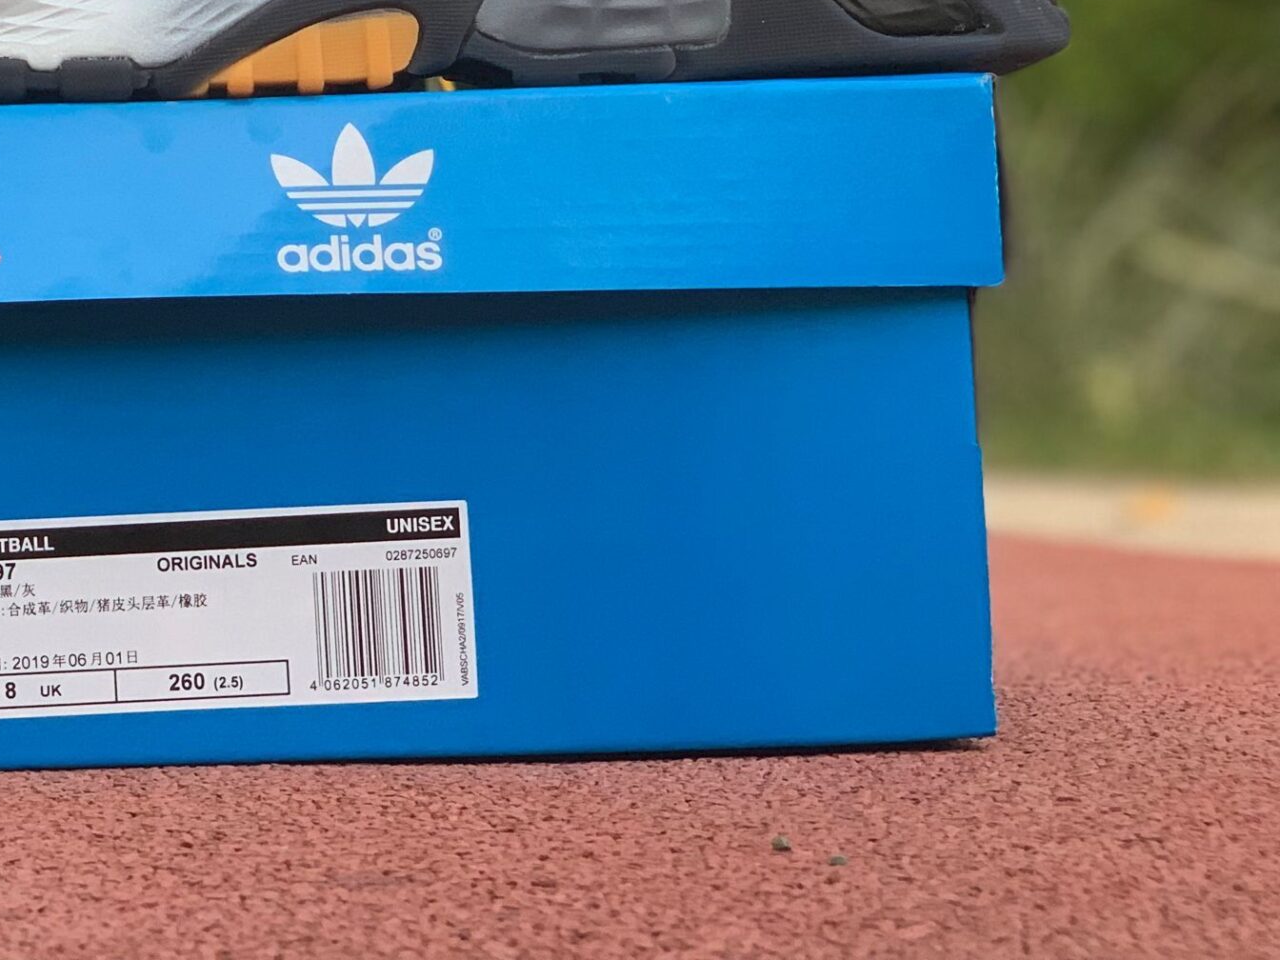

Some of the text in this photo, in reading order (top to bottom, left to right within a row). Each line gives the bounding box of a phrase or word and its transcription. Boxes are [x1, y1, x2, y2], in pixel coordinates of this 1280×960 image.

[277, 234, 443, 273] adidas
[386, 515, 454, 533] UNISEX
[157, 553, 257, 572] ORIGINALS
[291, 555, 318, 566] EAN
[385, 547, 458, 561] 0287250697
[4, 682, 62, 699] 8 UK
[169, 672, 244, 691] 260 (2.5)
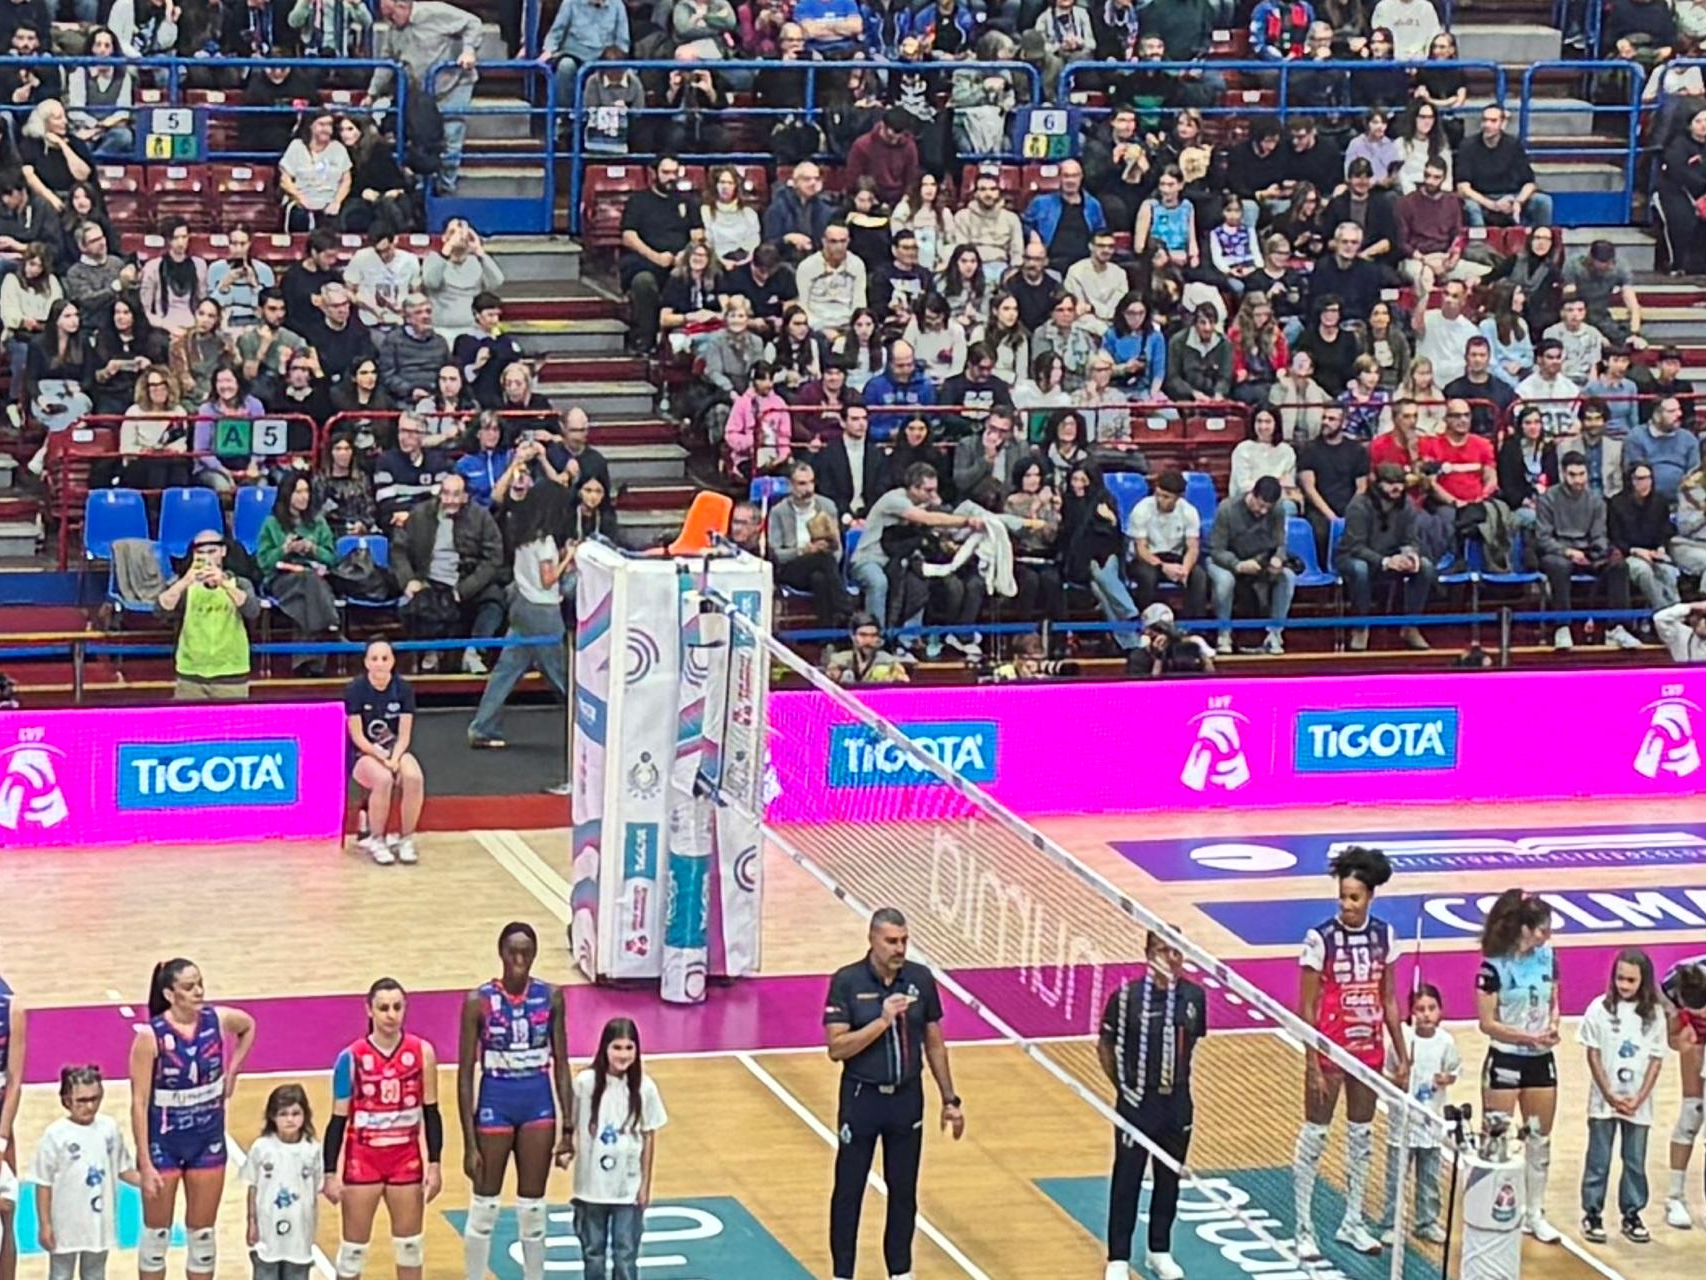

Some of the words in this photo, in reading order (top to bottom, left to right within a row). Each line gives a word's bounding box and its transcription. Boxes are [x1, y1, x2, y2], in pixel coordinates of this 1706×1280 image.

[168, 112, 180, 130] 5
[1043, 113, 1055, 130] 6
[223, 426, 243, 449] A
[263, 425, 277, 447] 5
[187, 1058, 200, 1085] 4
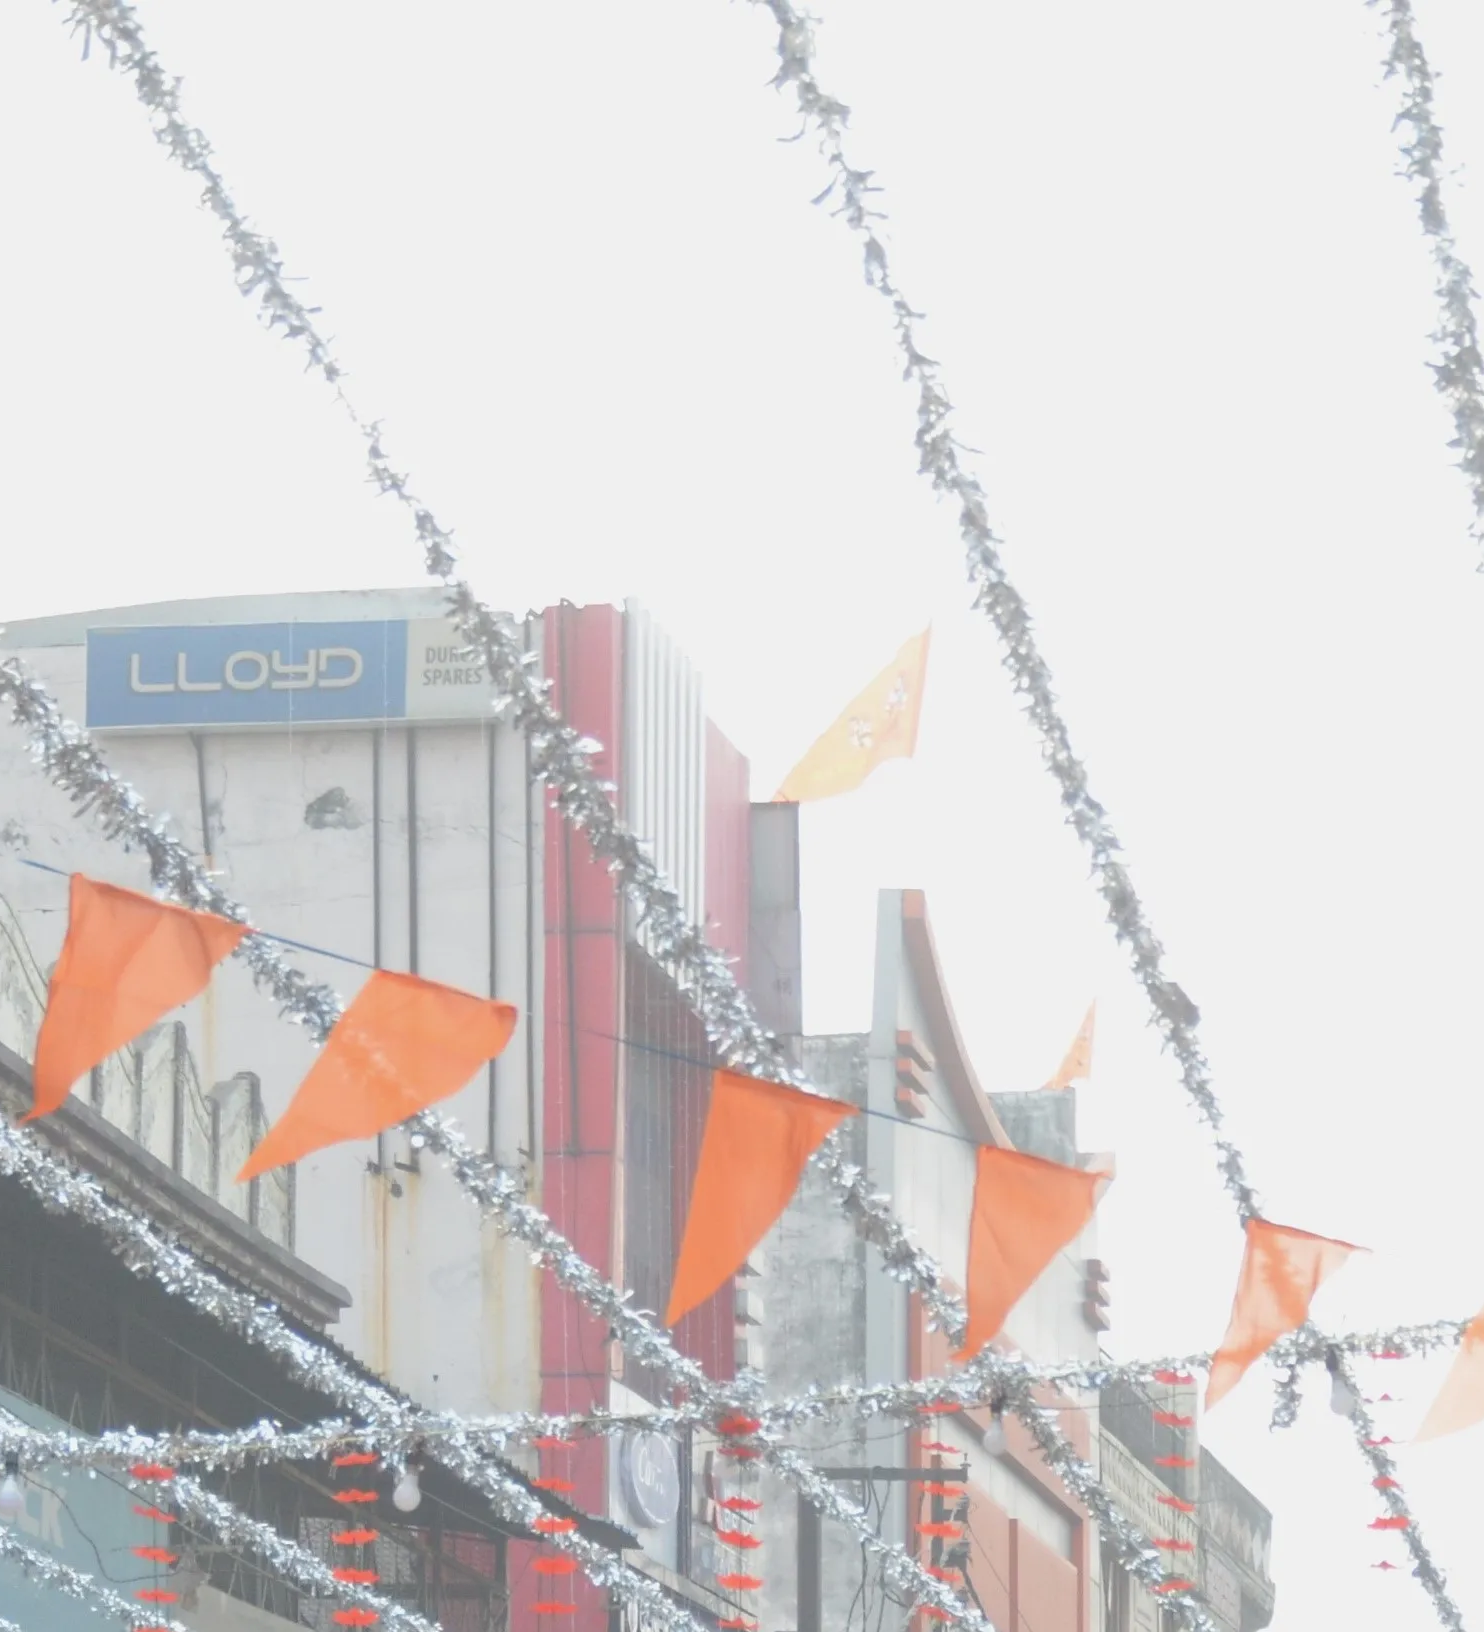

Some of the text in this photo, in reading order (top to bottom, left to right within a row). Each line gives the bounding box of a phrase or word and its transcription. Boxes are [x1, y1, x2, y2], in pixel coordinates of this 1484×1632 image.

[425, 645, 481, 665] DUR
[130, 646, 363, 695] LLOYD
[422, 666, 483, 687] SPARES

Exercise directions:
I would like you to retype exactly the lines running from the one containing "Some of the words" to the last line of the entries, both included, leaving all pictures out.

Task response:
Some of the words in this photo, in reading order (top to bottom, left to right within a row). Each line gives a word's bounding box and its transcription. Boxes are [x1, y1, x2, y2], in pixel coordinates of this 1706×1280 image.

[168, 112, 180, 130] 5
[1043, 113, 1055, 130] 6
[223, 426, 243, 449] A
[263, 425, 277, 447] 5
[187, 1058, 200, 1085] 4

Some of the text in this photo, in reading order (top to bottom, left to right within a row). Each line gives the bounding box of a phrase or word and its transcription. Boxes are [x1, y1, x2, y2], in pixel coordinates of this 1484×1632 image.

[425, 645, 481, 665] DUR
[130, 646, 363, 695] LLOYD
[422, 666, 483, 687] SPARES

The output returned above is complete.